_BRIEF:_
Begin your copy at the line with "this 1500×1001 image." in the records below and end it at the line with "this 1280×1440 image.", restating each line word for word; omit the pictures.

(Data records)
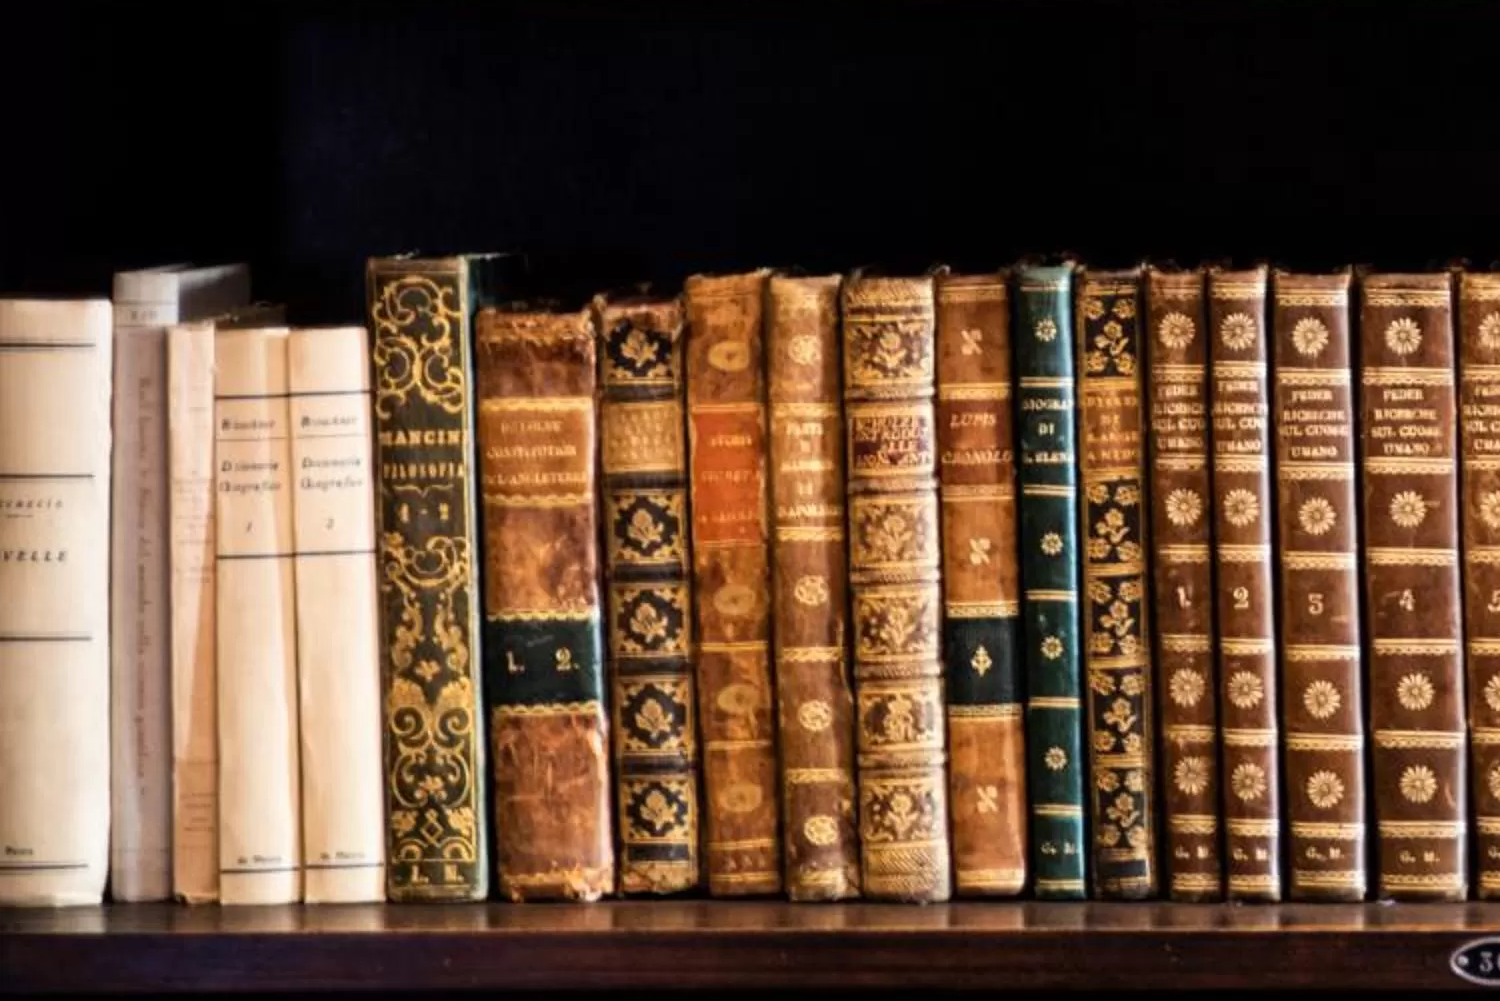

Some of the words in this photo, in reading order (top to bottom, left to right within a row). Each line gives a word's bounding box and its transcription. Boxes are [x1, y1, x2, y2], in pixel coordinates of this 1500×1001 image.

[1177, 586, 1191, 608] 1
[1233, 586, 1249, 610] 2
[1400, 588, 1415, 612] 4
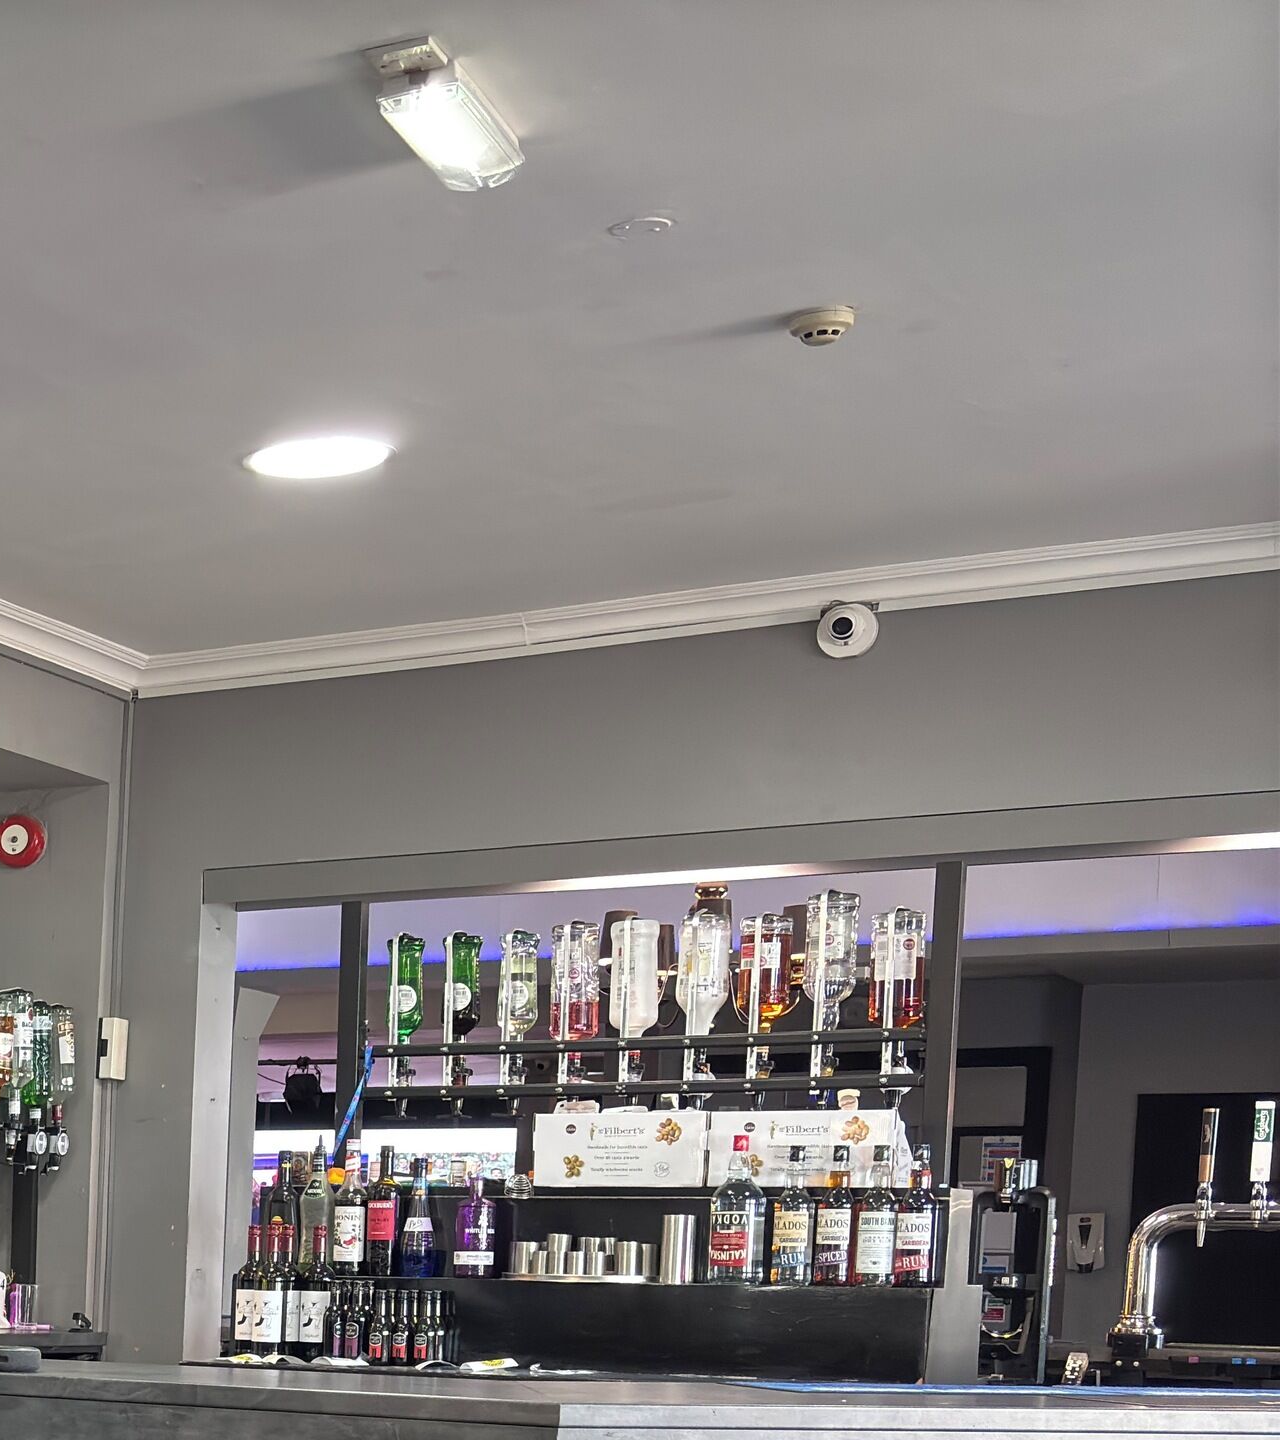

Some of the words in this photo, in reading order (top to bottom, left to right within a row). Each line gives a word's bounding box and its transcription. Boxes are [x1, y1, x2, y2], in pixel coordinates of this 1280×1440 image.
--
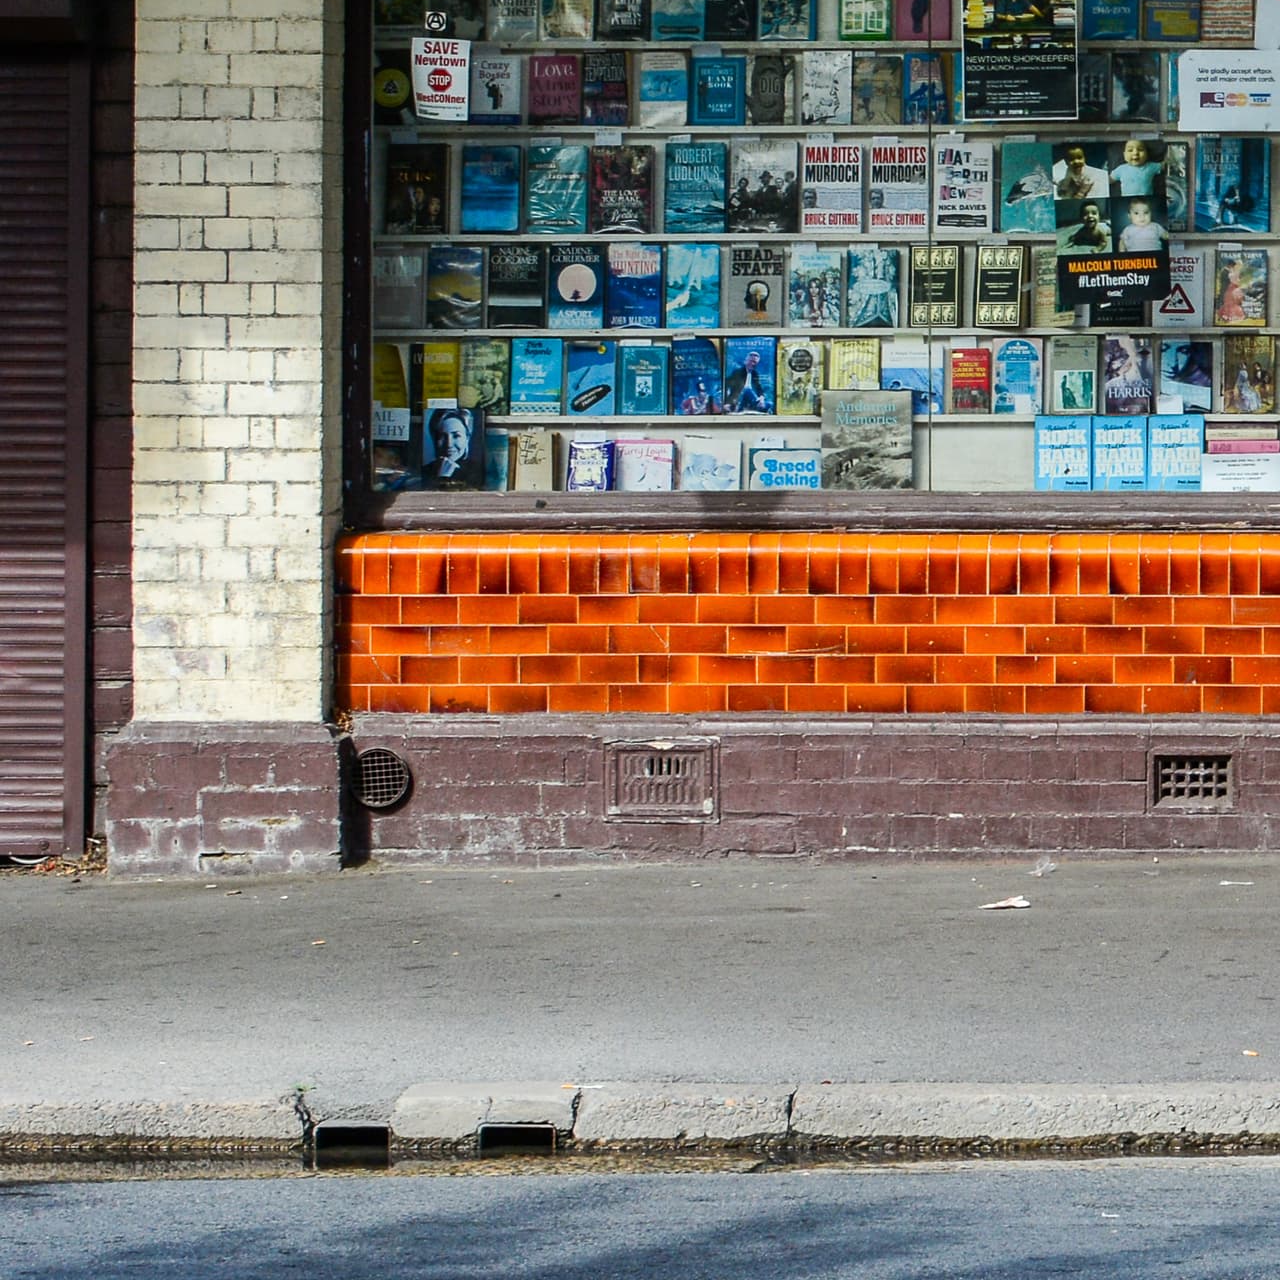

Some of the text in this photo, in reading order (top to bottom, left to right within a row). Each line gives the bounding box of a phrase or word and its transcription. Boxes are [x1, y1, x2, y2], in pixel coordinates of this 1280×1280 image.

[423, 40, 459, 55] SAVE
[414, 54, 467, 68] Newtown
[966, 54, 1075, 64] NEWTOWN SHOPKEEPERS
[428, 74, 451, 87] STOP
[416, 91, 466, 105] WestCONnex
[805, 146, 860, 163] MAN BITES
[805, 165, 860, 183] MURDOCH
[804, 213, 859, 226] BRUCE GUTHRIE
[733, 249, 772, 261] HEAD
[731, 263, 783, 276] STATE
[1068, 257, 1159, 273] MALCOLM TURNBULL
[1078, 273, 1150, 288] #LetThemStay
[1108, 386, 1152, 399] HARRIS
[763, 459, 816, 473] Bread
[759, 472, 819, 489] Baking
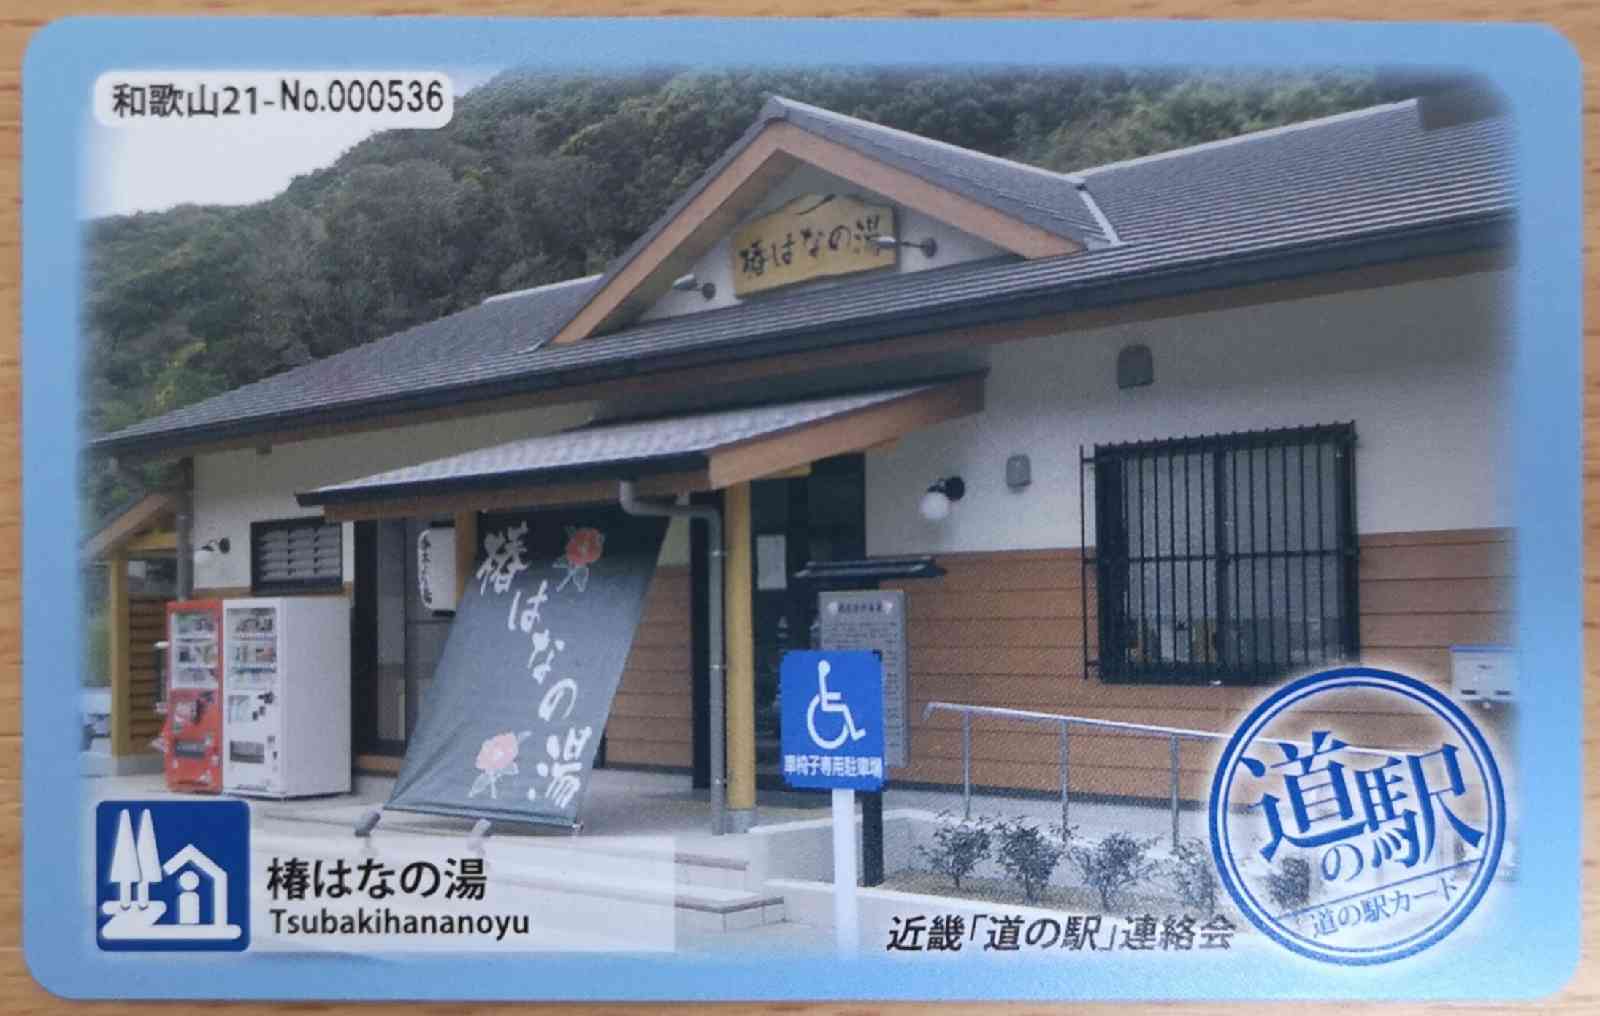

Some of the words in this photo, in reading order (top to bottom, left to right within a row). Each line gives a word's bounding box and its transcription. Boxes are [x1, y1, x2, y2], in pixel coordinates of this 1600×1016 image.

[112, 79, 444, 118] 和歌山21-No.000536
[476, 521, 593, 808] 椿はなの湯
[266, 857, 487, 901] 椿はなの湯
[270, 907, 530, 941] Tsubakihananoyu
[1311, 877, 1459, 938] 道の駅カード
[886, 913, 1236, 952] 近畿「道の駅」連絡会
--
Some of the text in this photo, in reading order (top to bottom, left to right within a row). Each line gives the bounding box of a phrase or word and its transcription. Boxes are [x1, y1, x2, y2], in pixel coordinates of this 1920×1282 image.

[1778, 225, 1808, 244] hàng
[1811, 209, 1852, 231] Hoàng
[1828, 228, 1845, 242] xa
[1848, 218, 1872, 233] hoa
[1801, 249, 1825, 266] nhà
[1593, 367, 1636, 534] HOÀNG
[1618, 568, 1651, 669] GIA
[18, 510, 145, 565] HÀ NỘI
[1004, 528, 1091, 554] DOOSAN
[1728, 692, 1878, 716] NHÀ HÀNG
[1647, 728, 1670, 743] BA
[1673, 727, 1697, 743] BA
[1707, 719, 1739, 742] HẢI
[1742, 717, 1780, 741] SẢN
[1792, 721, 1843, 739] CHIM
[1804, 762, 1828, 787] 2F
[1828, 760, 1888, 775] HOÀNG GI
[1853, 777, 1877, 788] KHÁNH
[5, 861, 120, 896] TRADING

_FINISHED EXERCISE:_
Some of the words in this photo, in reading order (top to bottom, left to right within a row). Each line gives a word's bounding box and its transcription. Boxes are [x1, y1, x2, y2], in pixel coordinates of this 1500×1001 image.

[1177, 586, 1191, 608] 1
[1233, 586, 1249, 610] 2
[1400, 588, 1415, 612] 4

Some of the words in this photo, in reading order (top to bottom, left to right within a row). Each line gives a word's bounding box and its transcription. Boxes are [x1, y1, x2, y2], in pixel coordinates of this 1280×1440 image.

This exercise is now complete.